Give the count of lines in the records below that contain "right", and say nothing more.

(Records from a data source)
= = = =

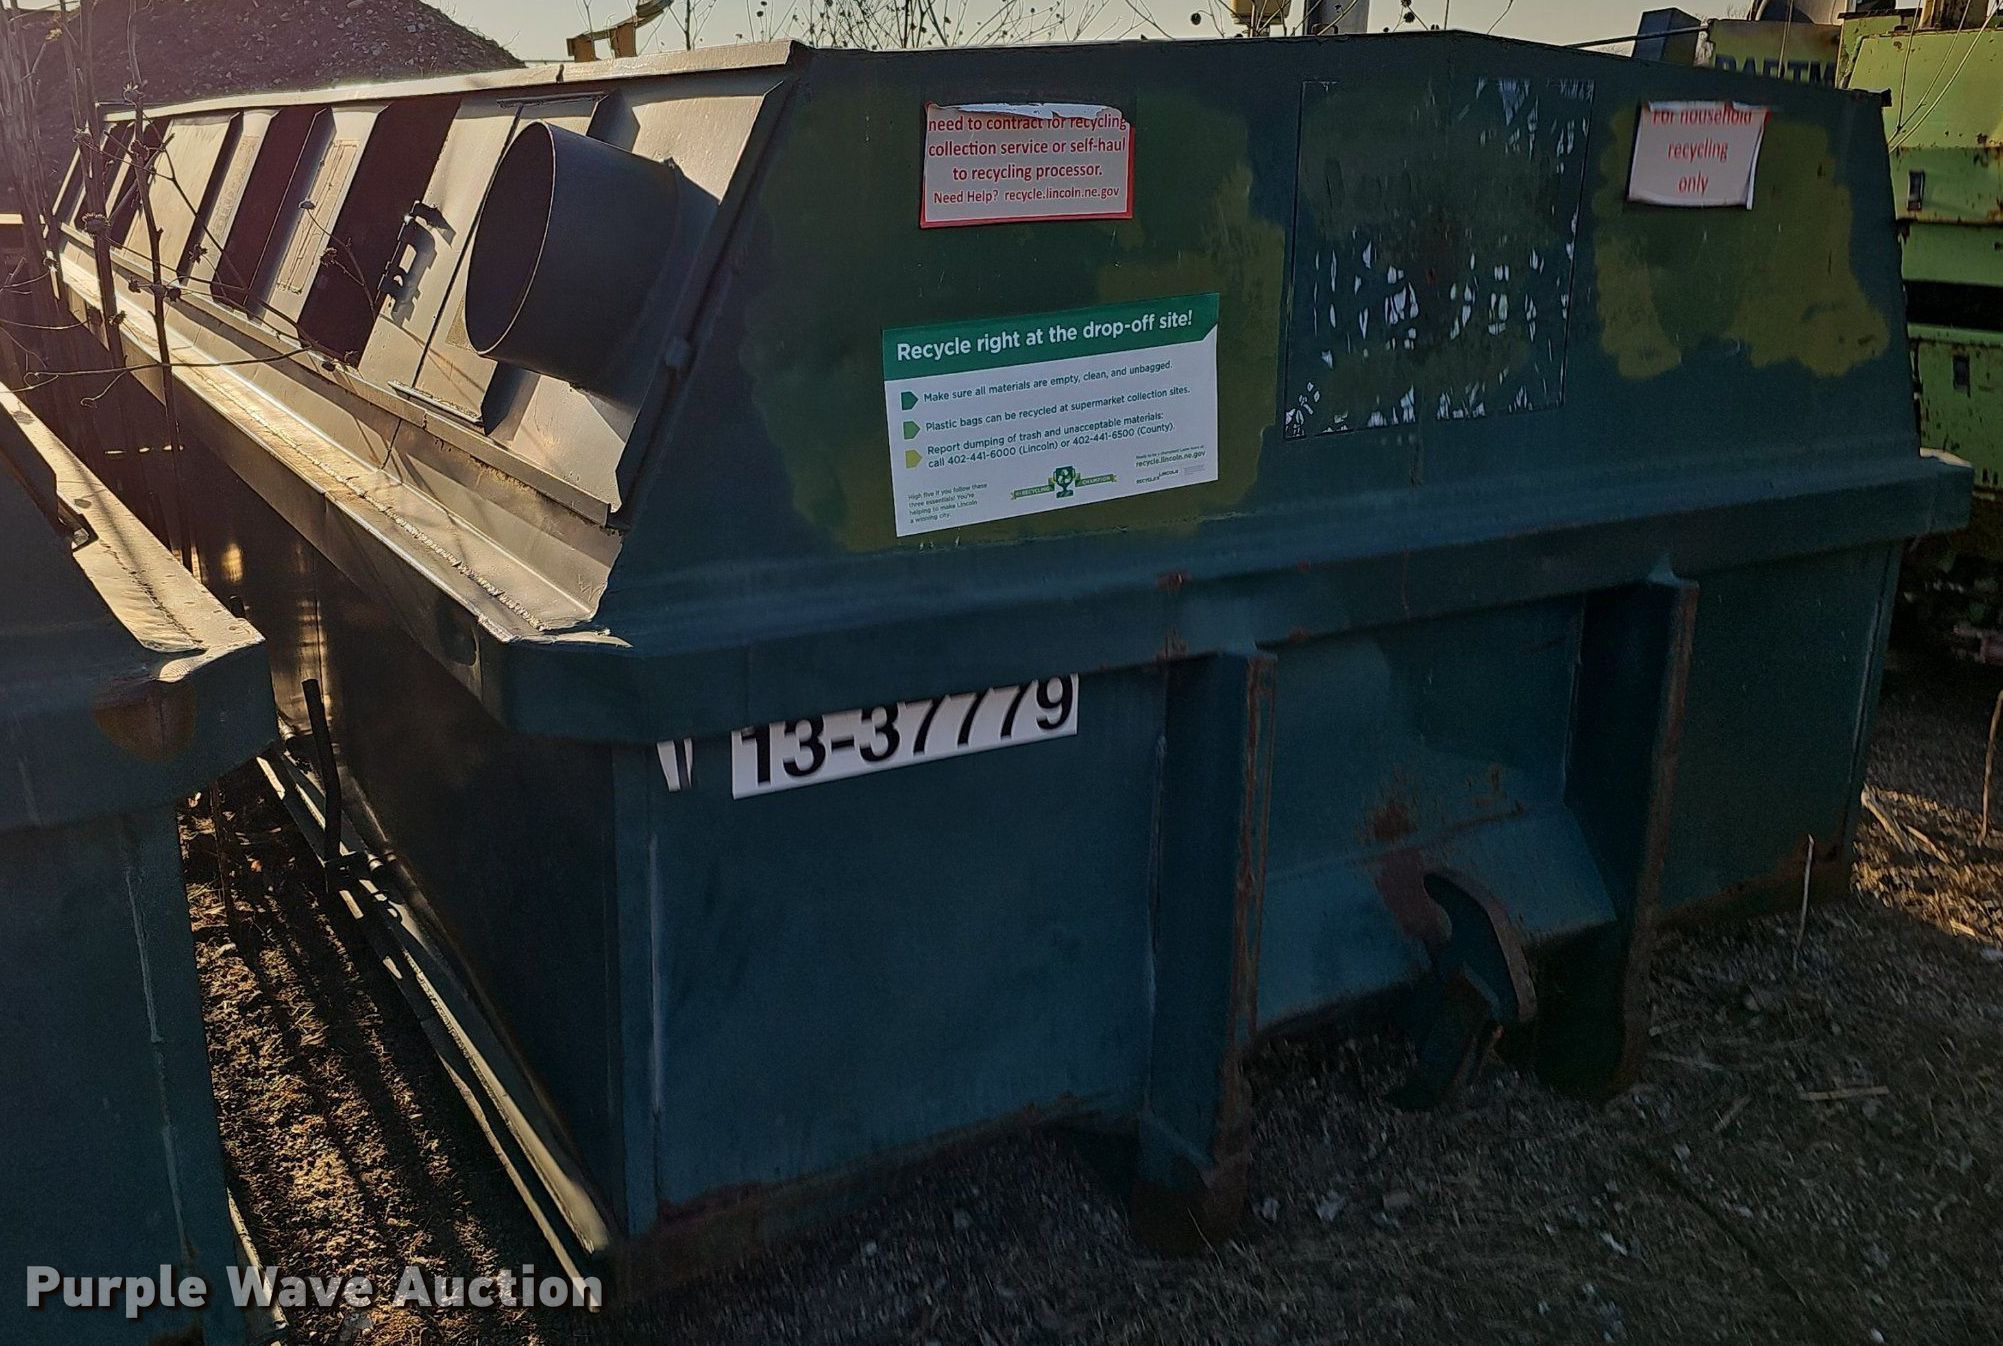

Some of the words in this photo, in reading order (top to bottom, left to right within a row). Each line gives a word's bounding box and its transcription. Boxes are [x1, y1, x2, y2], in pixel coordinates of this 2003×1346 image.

[928, 116, 963, 132] need
[968, 118, 983, 130] to
[986, 117, 1043, 130] contract
[1047, 117, 1067, 129] for
[1069, 113, 1127, 132] recycling
[928, 141, 996, 157] collection
[1000, 140, 1048, 154] service
[1052, 142, 1067, 153] or
[1070, 137, 1126, 152] self-haul
[1667, 138, 1729, 163] recycling
[953, 167, 967, 181] to
[971, 162, 1032, 182] recycling
[1035, 165, 1103, 182] processor.
[1677, 171, 1709, 195] only
[934, 191, 964, 204] Need
[967, 189, 999, 204] Help?
[1004, 187, 1120, 203] recycle.lincoln.ne.gov
[896, 333, 971, 363] Recycle
[976, 329, 1020, 354] right
[1025, 327, 1043, 346] at
[1048, 323, 1078, 342] the
[1082, 313, 1155, 343] drop-off
[1159, 309, 1193, 328] site!
[923, 391, 949, 403] Make
[952, 390, 972, 399] sure
[974, 386, 986, 396] all
[988, 381, 1031, 394] materials
[1033, 379, 1048, 388] are
[1050, 374, 1081, 386] empty,
[1083, 370, 1109, 382] clean,
[1110, 366, 1127, 377] and
[1129, 360, 1173, 375] unbagged.
[926, 419, 957, 431] Plastic
[960, 416, 983, 427] bags
[985, 413, 1002, 423] can
[1004, 410, 1017, 420] be
[1019, 404, 1057, 419] recycled
[1059, 404, 1069, 412] at
[1070, 394, 1125, 410] supermarket
[1127, 388, 1167, 402] collection
[1169, 385, 1190, 396] sites.
[927, 443, 961, 455] Report
[963, 436, 1005, 450] dumping
[1007, 433, 1017, 443] of
[1019, 430, 1042, 442] trash
[1044, 426, 1061, 437] and
[1063, 414, 1122, 434] unacceptable
[1123, 411, 1164, 426] materials:
[928, 457, 945, 468] call
[947, 446, 1016, 464] 402-441-6000
[1018, 440, 1058, 456] (Lincoln)
[1060, 439, 1070, 448] or
[1072, 427, 1135, 446] 402-441-6500
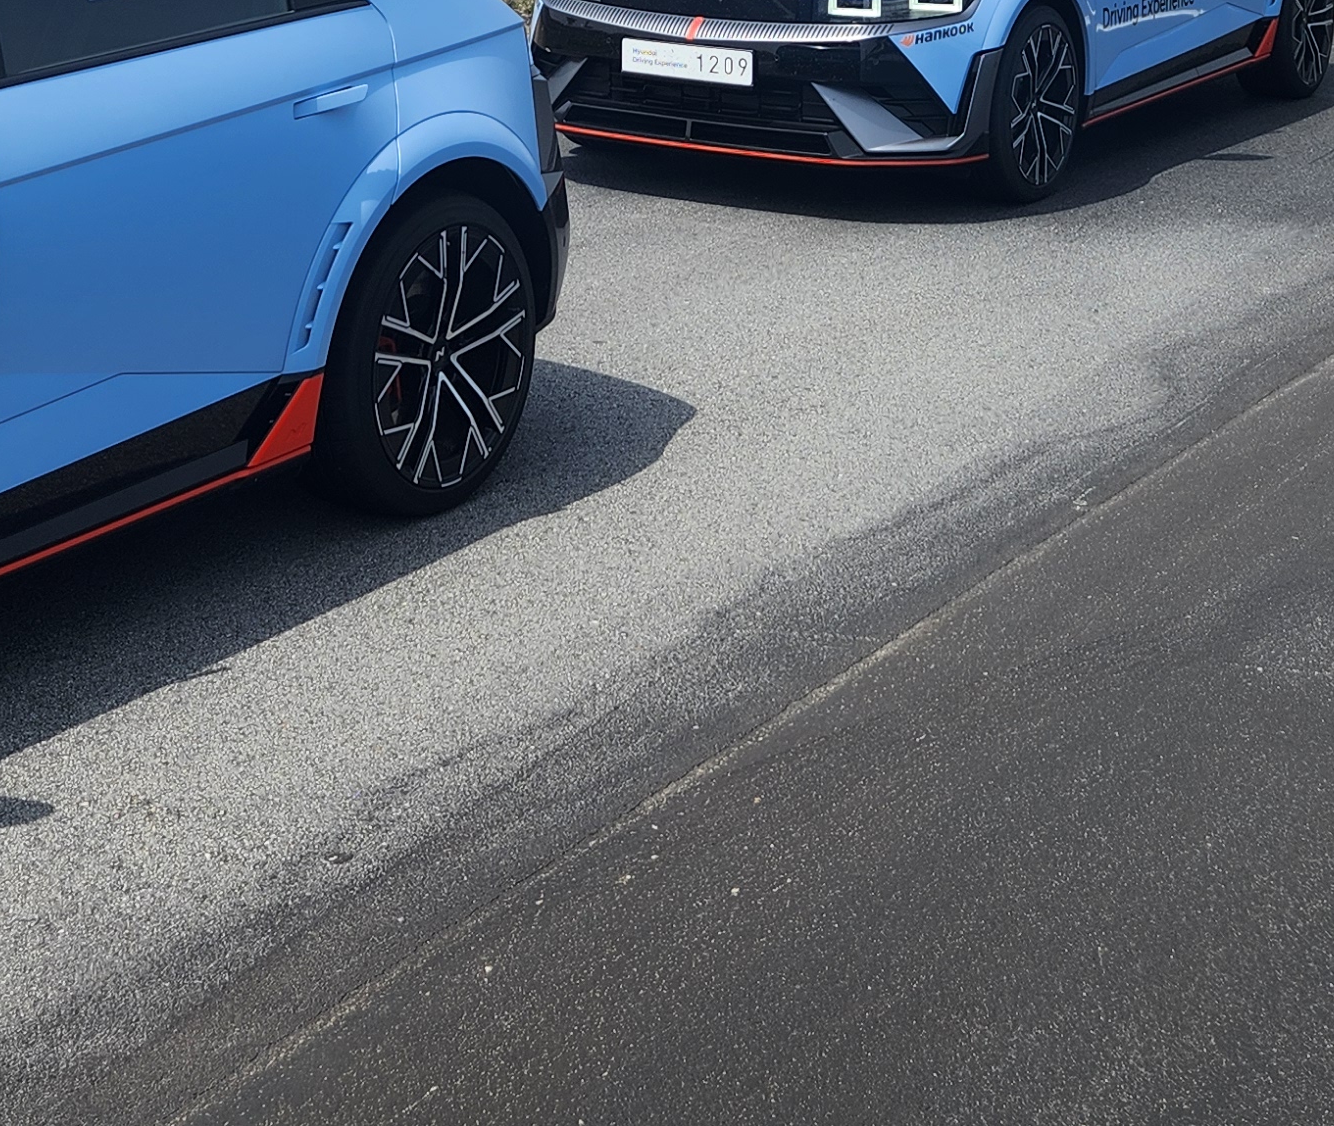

= = = =

_TASK ANSWER_
2